[TASK DATA — start]
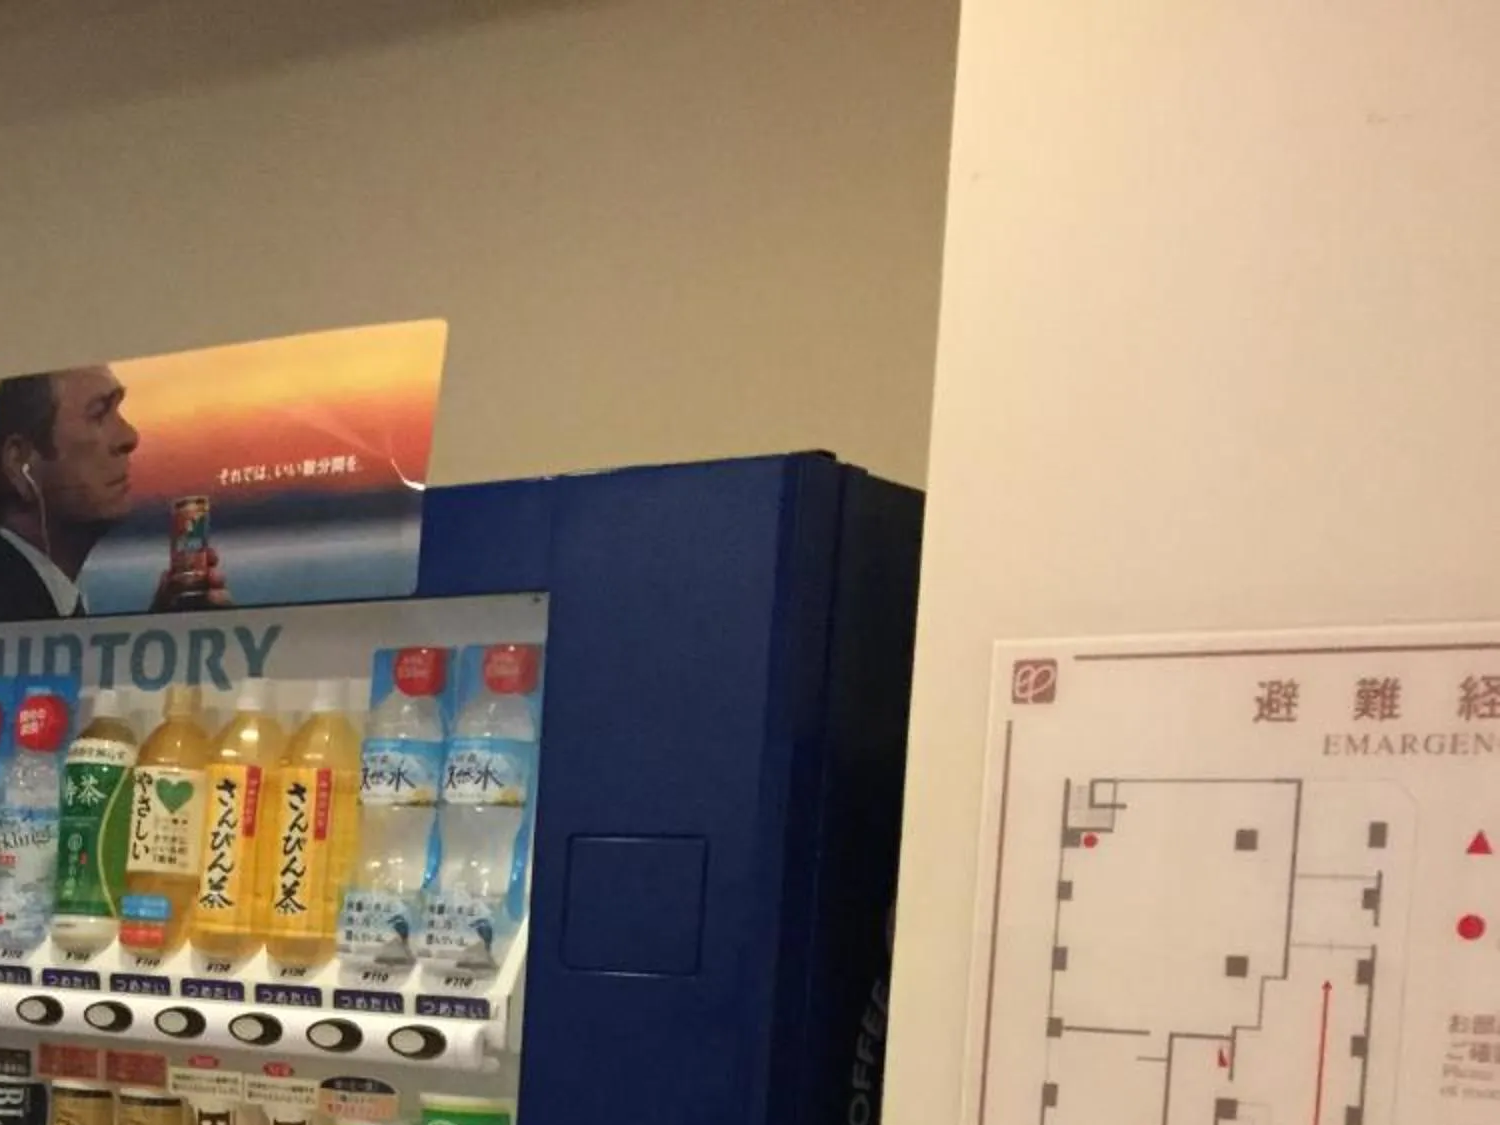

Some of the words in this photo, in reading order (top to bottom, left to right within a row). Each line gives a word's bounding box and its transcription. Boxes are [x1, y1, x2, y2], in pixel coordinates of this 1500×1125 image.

[1322, 731, 1500, 758] EMARGEN
[200, 778, 238, 909] さんびん茶
[274, 782, 309, 914] さんびん茶
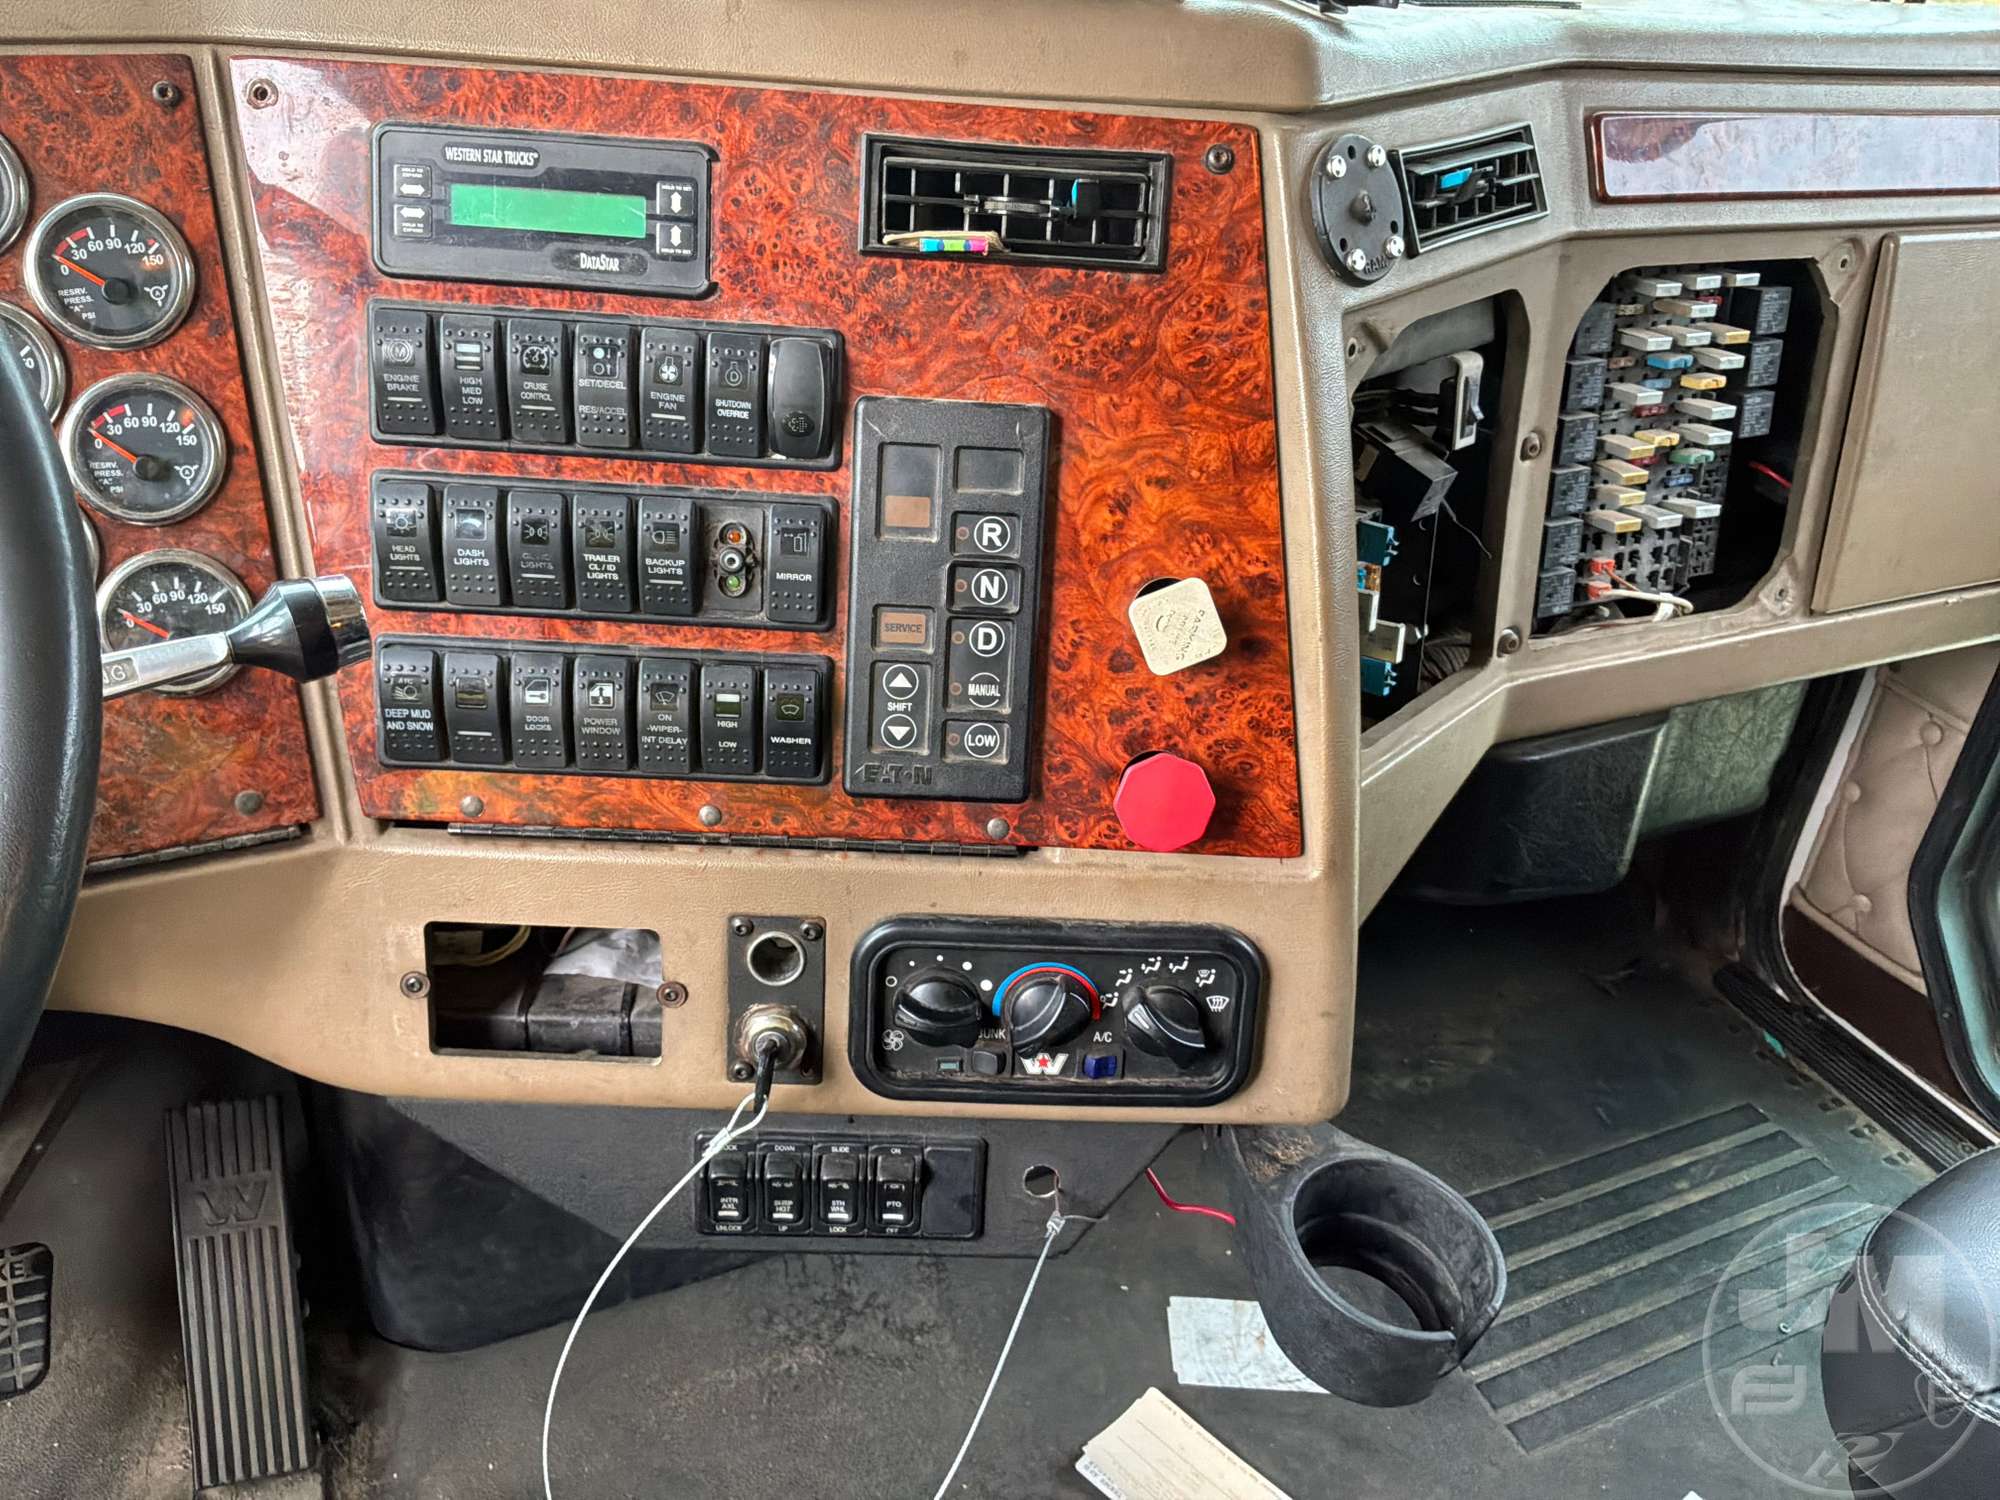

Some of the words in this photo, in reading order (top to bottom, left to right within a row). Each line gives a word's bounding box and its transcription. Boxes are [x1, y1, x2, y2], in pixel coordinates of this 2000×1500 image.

[445, 146, 482, 163] WESTERN
[484, 148, 503, 163] STAR
[87, 239, 104, 252] 60
[105, 237, 122, 250] 90
[124, 241, 145, 254] 120
[71, 249, 87, 260] 30
[142, 254, 164, 266] 150
[61, 264, 69, 276] 0
[58, 288, 88, 296] RESRV.
[384, 374, 420, 383] ENGINE
[460, 377, 483, 386] HIGH
[387, 383, 419, 392] BRAKE
[523, 382, 548, 391] CRUISE
[578, 379, 627, 390] SET/DECEL
[462, 387, 482, 395] MED
[521, 391, 552, 401] CONTROL
[462, 396, 483, 405] LOW
[650, 392, 685, 402] ENGINE
[658, 401, 677, 410] FAN
[715, 399, 752, 409] SHUTDOWN
[578, 405, 627, 416] RES/ACCEL
[717, 409, 750, 420] OVERRIDE
[124, 417, 139, 428] 60
[142, 416, 157, 427] 90
[107, 424, 122, 436] 30
[159, 421, 180, 433] 120
[95, 438, 103, 449] 0
[176, 435, 197, 446] 150
[982, 523, 1002, 547] R
[392, 545, 416, 553] HEAD
[458, 549, 485, 557] DASH
[390, 553, 420, 561] LIGHTS
[583, 553, 620, 563] TRAILER
[454, 558, 490, 567] LIGHTS
[588, 563, 600, 571] CL
[606, 564, 616, 572] ID
[645, 558, 685, 567] BACKUP
[587, 572, 619, 581] LIGHTS
[648, 567, 683, 576] LIGHTS
[776, 572, 812, 582] MIRROR
[980, 575, 999, 599] N
[152, 593, 167, 605] 60
[169, 590, 185, 601] 90
[187, 591, 208, 604] 120
[136, 602, 152, 613] 30
[205, 602, 226, 615] 150
[127, 618, 134, 628] 0
[884, 623, 922, 633] SERVICE
[978, 627, 997, 650] D
[968, 683, 1001, 697] MANUAL
[887, 701, 912, 712] SHIFT
[384, 708, 409, 718] DEEP
[410, 710, 431, 719] MUD
[658, 714, 672, 722] ON
[387, 721, 405, 730] AND
[406, 722, 433, 731] SNOW
[583, 717, 618, 726] POWER
[717, 720, 738, 729] HIGH
[582, 727, 621, 735] WINDOW
[641, 736, 657, 744] INT
[658, 737, 688, 746] DELAY
[718, 740, 737, 748] LOW
[771, 736, 812, 745] WASHER
[968, 734, 997, 747] LOW
[860, 763, 933, 785] EATON
[1093, 1031, 1112, 1043] A/C
[TASK DATA — finish]
[TO DO]
If you see a picture in the listing, skip it while copying everything else exactly.

[REPLY]
Some of the words in this photo, in reading order (top to bottom, left to right within a row). Each line gives a word's bounding box and its transcription. Boxes are [x1, y1, x2, y2], in pixel coordinates of this 1500×1125 image.

[1322, 731, 1500, 758] EMARGEN
[200, 778, 238, 909] さんびん茶
[274, 782, 309, 914] さんびん茶

Some of the words in this photo, in reading order (top to bottom, left to right within a row). Each line gives a word's bounding box and its transcription. Boxes are [x1, y1, x2, y2], in pixel coordinates of this 2000×1500 image.

[445, 146, 482, 163] WESTERN
[484, 148, 503, 163] STAR
[87, 239, 104, 252] 60
[105, 237, 122, 250] 90
[124, 241, 145, 254] 120
[71, 249, 87, 260] 30
[142, 254, 164, 266] 150
[61, 264, 69, 276] 0
[58, 288, 88, 296] RESRV.
[384, 374, 420, 383] ENGINE
[460, 377, 483, 386] HIGH
[387, 383, 419, 392] BRAKE
[523, 382, 548, 391] CRUISE
[578, 379, 627, 390] SET/DECEL
[462, 387, 482, 395] MED
[521, 391, 552, 401] CONTROL
[462, 396, 483, 405] LOW
[650, 392, 685, 402] ENGINE
[658, 401, 677, 410] FAN
[715, 399, 752, 409] SHUTDOWN
[578, 405, 627, 416] RES/ACCEL
[717, 409, 750, 420] OVERRIDE
[124, 417, 139, 428] 60
[142, 416, 157, 427] 90
[107, 424, 122, 436] 30
[159, 421, 180, 433] 120
[95, 438, 103, 449] 0
[176, 435, 197, 446] 150
[982, 523, 1002, 547] R
[392, 545, 416, 553] HEAD
[458, 549, 485, 557] DASH
[390, 553, 420, 561] LIGHTS
[583, 553, 620, 563] TRAILER
[454, 558, 490, 567] LIGHTS
[588, 563, 600, 571] CL
[606, 564, 616, 572] ID
[645, 558, 685, 567] BACKUP
[587, 572, 619, 581] LIGHTS
[648, 567, 683, 576] LIGHTS
[776, 572, 812, 582] MIRROR
[980, 575, 999, 599] N
[152, 593, 167, 605] 60
[169, 590, 185, 601] 90
[187, 591, 208, 604] 120
[136, 602, 152, 613] 30
[205, 602, 226, 615] 150
[127, 618, 134, 628] 0
[884, 623, 922, 633] SERVICE
[978, 627, 997, 650] D
[968, 683, 1001, 697] MANUAL
[887, 701, 912, 712] SHIFT
[384, 708, 409, 718] DEEP
[410, 710, 431, 719] MUD
[658, 714, 672, 722] ON
[387, 721, 405, 730] AND
[406, 722, 433, 731] SNOW
[583, 717, 618, 726] POWER
[717, 720, 738, 729] HIGH
[582, 727, 621, 735] WINDOW
[641, 736, 657, 744] INT
[658, 737, 688, 746] DELAY
[718, 740, 737, 748] LOW
[771, 736, 812, 745] WASHER
[968, 734, 997, 747] LOW
[860, 763, 933, 785] EATON
[1093, 1031, 1112, 1043] A/C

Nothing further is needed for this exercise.